[[ Data records open ]]

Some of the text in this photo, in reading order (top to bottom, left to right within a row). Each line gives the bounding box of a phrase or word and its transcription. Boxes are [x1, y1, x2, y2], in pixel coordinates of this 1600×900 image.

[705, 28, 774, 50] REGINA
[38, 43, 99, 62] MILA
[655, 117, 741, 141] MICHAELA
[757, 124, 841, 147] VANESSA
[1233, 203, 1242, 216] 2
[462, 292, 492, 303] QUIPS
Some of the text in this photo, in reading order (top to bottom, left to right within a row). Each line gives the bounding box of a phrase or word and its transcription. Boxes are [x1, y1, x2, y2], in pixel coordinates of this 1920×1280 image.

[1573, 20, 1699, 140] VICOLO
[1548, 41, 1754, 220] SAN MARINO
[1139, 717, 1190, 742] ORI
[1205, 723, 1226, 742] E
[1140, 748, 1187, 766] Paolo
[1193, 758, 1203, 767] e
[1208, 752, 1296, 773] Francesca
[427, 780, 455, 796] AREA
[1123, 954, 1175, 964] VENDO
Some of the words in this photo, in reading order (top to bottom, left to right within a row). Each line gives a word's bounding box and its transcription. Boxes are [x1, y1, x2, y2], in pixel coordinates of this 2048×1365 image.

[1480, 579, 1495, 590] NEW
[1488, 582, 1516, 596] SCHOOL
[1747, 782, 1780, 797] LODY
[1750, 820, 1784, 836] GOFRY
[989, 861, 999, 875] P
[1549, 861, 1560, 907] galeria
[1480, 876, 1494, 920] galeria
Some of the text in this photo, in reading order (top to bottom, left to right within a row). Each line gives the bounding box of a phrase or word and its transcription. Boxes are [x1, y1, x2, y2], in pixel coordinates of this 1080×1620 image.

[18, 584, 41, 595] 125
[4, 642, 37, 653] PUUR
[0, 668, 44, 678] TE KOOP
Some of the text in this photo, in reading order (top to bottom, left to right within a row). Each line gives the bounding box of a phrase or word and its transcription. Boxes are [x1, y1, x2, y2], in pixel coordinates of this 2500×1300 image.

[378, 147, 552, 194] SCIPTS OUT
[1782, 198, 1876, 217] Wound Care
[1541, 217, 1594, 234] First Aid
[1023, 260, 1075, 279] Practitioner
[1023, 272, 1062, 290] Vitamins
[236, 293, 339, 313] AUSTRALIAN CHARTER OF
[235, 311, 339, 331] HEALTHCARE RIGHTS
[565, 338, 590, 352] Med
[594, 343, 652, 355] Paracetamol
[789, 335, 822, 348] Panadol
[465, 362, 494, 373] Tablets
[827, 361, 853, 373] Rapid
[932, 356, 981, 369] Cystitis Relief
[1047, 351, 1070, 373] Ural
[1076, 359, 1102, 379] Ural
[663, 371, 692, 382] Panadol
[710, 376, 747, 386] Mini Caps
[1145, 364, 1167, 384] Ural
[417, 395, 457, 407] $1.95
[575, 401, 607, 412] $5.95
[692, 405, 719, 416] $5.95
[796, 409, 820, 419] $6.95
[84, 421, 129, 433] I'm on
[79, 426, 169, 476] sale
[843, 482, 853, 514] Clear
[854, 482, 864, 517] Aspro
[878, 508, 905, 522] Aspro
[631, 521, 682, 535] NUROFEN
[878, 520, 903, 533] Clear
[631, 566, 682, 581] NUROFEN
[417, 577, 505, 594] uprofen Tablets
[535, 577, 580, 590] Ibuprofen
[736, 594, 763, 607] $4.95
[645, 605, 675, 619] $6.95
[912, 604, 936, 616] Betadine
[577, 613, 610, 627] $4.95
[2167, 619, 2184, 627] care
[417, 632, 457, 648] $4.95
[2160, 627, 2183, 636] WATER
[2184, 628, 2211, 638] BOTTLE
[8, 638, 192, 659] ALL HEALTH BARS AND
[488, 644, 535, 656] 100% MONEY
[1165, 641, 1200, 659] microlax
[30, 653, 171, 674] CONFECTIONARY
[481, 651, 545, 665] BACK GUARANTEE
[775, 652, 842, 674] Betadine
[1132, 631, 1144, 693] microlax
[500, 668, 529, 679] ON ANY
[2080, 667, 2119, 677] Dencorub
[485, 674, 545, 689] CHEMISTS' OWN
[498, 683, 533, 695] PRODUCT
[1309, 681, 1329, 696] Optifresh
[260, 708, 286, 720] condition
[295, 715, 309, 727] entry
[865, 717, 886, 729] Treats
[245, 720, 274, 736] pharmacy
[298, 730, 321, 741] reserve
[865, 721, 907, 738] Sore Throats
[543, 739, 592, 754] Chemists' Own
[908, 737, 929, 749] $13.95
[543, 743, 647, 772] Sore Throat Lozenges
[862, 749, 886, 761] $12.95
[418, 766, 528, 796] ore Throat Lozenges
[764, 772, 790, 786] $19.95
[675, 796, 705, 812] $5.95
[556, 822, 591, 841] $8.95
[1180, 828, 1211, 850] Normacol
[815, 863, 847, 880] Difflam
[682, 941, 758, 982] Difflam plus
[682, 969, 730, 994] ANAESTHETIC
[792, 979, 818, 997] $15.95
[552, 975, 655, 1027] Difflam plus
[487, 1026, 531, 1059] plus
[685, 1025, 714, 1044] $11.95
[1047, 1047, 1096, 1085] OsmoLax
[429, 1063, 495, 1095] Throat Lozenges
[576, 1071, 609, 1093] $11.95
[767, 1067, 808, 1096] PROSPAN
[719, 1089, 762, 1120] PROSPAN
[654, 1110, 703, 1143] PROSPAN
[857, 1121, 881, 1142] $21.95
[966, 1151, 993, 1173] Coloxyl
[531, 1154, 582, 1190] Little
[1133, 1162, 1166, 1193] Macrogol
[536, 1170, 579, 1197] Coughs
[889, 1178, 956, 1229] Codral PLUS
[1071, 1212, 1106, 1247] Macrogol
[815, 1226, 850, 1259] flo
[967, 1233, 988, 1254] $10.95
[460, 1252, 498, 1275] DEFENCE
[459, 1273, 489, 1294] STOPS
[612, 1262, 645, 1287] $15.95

[[ Data records closed ]]

▶ _Directions for this task_
The entire listing above should be returned exactly as written.

▶ _Solution to this problem_
Some of the text in this photo, in reading order (top to bottom, left to right within a row). Each line gives the bounding box of a phrase or word and its transcription. Boxes are [x1, y1, x2, y2], in pixel coordinates of this 1600×900 image.

[705, 28, 774, 50] REGINA
[38, 43, 99, 62] MILA
[655, 117, 741, 141] MICHAELA
[757, 124, 841, 147] VANESSA
[1233, 203, 1242, 216] 2
[462, 292, 492, 303] QUIPS
Some of the text in this photo, in reading order (top to bottom, left to right within a row). Each line gives the bounding box of a phrase or word and its transcription. Boxes are [x1, y1, x2, y2], in pixel coordinates of this 1920×1280 image.

[1573, 20, 1699, 140] VICOLO
[1548, 41, 1754, 220] SAN MARINO
[1139, 717, 1190, 742] ORI
[1205, 723, 1226, 742] E
[1140, 748, 1187, 766] Paolo
[1193, 758, 1203, 767] e
[1208, 752, 1296, 773] Francesca
[427, 780, 455, 796] AREA
[1123, 954, 1175, 964] VENDO
Some of the words in this photo, in reading order (top to bottom, left to right within a row). Each line gives a word's bounding box and its transcription. Boxes are [x1, y1, x2, y2], in pixel coordinates of this 2048×1365 image.

[1480, 579, 1495, 590] NEW
[1488, 582, 1516, 596] SCHOOL
[1747, 782, 1780, 797] LODY
[1750, 820, 1784, 836] GOFRY
[989, 861, 999, 875] P
[1549, 861, 1560, 907] galeria
[1480, 876, 1494, 920] galeria
Some of the text in this photo, in reading order (top to bottom, left to right within a row). Each line gives the bounding box of a phrase or word and its transcription. Boxes are [x1, y1, x2, y2], in pixel coordinates of this 1080×1620 image.

[18, 584, 41, 595] 125
[4, 642, 37, 653] PUUR
[0, 668, 44, 678] TE KOOP
Some of the text in this photo, in reading order (top to bottom, left to right within a row). Each line gives the bounding box of a phrase or word and its transcription. Boxes are [x1, y1, x2, y2], in pixel coordinates of this 2500×1300 image.

[378, 147, 552, 194] SCIPTS OUT
[1782, 198, 1876, 217] Wound Care
[1541, 217, 1594, 234] First Aid
[1023, 260, 1075, 279] Practitioner
[1023, 272, 1062, 290] Vitamins
[236, 293, 339, 313] AUSTRALIAN CHARTER OF
[235, 311, 339, 331] HEALTHCARE RIGHTS
[565, 338, 590, 352] Med
[594, 343, 652, 355] Paracetamol
[789, 335, 822, 348] Panadol
[465, 362, 494, 373] Tablets
[827, 361, 853, 373] Rapid
[932, 356, 981, 369] Cystitis Relief
[1047, 351, 1070, 373] Ural
[1076, 359, 1102, 379] Ural
[663, 371, 692, 382] Panadol
[710, 376, 747, 386] Mini Caps
[1145, 364, 1167, 384] Ural
[417, 395, 457, 407] $1.95
[575, 401, 607, 412] $5.95
[692, 405, 719, 416] $5.95
[796, 409, 820, 419] $6.95
[84, 421, 129, 433] I'm on
[79, 426, 169, 476] sale
[843, 482, 853, 514] Clear
[854, 482, 864, 517] Aspro
[878, 508, 905, 522] Aspro
[631, 521, 682, 535] NUROFEN
[878, 520, 903, 533] Clear
[631, 566, 682, 581] NUROFEN
[417, 577, 505, 594] uprofen Tablets
[535, 577, 580, 590] Ibuprofen
[736, 594, 763, 607] $4.95
[645, 605, 675, 619] $6.95
[912, 604, 936, 616] Betadine
[577, 613, 610, 627] $4.95
[2167, 619, 2184, 627] care
[417, 632, 457, 648] $4.95
[2160, 627, 2183, 636] WATER
[2184, 628, 2211, 638] BOTTLE
[8, 638, 192, 659] ALL HEALTH BARS AND
[488, 644, 535, 656] 100% MONEY
[1165, 641, 1200, 659] microlax
[30, 653, 171, 674] CONFECTIONARY
[481, 651, 545, 665] BACK GUARANTEE
[775, 652, 842, 674] Betadine
[1132, 631, 1144, 693] microlax
[500, 668, 529, 679] ON ANY
[2080, 667, 2119, 677] Dencorub
[485, 674, 545, 689] CHEMISTS' OWN
[498, 683, 533, 695] PRODUCT
[1309, 681, 1329, 696] Optifresh
[260, 708, 286, 720] condition
[295, 715, 309, 727] entry
[865, 717, 886, 729] Treats
[245, 720, 274, 736] pharmacy
[298, 730, 321, 741] reserve
[865, 721, 907, 738] Sore Throats
[543, 739, 592, 754] Chemists' Own
[908, 737, 929, 749] $13.95
[543, 743, 647, 772] Sore Throat Lozenges
[862, 749, 886, 761] $12.95
[418, 766, 528, 796] ore Throat Lozenges
[764, 772, 790, 786] $19.95
[675, 796, 705, 812] $5.95
[556, 822, 591, 841] $8.95
[1180, 828, 1211, 850] Normacol
[815, 863, 847, 880] Difflam
[682, 941, 758, 982] Difflam plus
[682, 969, 730, 994] ANAESTHETIC
[792, 979, 818, 997] $15.95
[552, 975, 655, 1027] Difflam plus
[487, 1026, 531, 1059] plus
[685, 1025, 714, 1044] $11.95
[1047, 1047, 1096, 1085] OsmoLax
[429, 1063, 495, 1095] Throat Lozenges
[576, 1071, 609, 1093] $11.95
[767, 1067, 808, 1096] PROSPAN
[719, 1089, 762, 1120] PROSPAN
[654, 1110, 703, 1143] PROSPAN
[857, 1121, 881, 1142] $21.95
[966, 1151, 993, 1173] Coloxyl
[531, 1154, 582, 1190] Little
[1133, 1162, 1166, 1193] Macrogol
[536, 1170, 579, 1197] Coughs
[889, 1178, 956, 1229] Codral PLUS
[1071, 1212, 1106, 1247] Macrogol
[815, 1226, 850, 1259] flo
[967, 1233, 988, 1254] $10.95
[460, 1252, 498, 1275] DEFENCE
[459, 1273, 489, 1294] STOPS
[612, 1262, 645, 1287] $15.95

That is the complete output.